Autocrine feedback maintains homeostatic neuropeptide expression in a peptidergic hub neuron

Abstract Neuronal circuits sustain stable function by self-regulating their gene expression and neurosecretion. Patterns for autocrine feedback by neuropeptides are widespread across nervous systems, but how they contribute to neuronal homeostasis remains poorly understood. Here, we identify an autocrine homeostatic mechanism in a C. elegans peptidergic hub neuron. FLP-1 neuropeptide release activates the inhibitory receptor DMSR-7 on the AVK hub neurons to self-regulate flp-1 transcription, dense-core vesicle accumulation, and peptide secretion.
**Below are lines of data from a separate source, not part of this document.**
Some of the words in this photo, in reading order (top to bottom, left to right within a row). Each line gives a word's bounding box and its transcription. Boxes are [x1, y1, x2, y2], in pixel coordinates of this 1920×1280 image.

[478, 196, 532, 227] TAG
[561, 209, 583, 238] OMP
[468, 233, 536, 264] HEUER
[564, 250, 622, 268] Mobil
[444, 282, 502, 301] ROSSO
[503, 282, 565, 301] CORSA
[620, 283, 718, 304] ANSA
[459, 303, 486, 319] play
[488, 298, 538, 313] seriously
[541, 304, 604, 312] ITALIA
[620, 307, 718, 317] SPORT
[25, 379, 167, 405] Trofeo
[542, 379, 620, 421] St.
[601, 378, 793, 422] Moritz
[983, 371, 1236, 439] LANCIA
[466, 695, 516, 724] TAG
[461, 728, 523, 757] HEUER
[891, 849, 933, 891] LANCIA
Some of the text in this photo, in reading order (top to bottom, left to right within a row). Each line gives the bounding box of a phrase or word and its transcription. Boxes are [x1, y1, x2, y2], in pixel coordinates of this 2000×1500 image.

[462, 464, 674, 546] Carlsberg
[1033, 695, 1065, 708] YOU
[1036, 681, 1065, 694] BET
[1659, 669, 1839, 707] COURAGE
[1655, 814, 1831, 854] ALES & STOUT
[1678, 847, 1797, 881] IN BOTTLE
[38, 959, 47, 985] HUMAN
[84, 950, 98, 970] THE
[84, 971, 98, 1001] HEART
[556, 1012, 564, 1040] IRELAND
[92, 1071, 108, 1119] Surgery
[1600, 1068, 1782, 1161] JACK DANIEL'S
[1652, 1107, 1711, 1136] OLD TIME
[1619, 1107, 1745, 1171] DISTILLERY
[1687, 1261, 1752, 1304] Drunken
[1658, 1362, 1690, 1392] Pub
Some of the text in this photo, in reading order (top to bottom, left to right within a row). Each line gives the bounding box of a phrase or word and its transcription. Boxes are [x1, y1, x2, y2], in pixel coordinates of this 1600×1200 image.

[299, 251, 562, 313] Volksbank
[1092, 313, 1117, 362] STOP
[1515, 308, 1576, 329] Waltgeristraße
We show that a parallel PDF-1/PDFR-1 pathway drives flp-1 expression, establishing a “push-and-pull” peptidergic feedback on the AVK neurons. AVK’s peptidergic output also depends on the number of FLP-1 peptides encoded in its precursor, revealing a dosage mechanism in behavioral regulation. Moreover, flp-1 expression coordinates transcript levels of additional neuropeptides in AVK. These findings uncover FLP-1 as a self-regulating homeostatic controller within a peptidergic hub neuron and illustrate how precursor-encoded redundancy supports stable yet adaptable circuit states.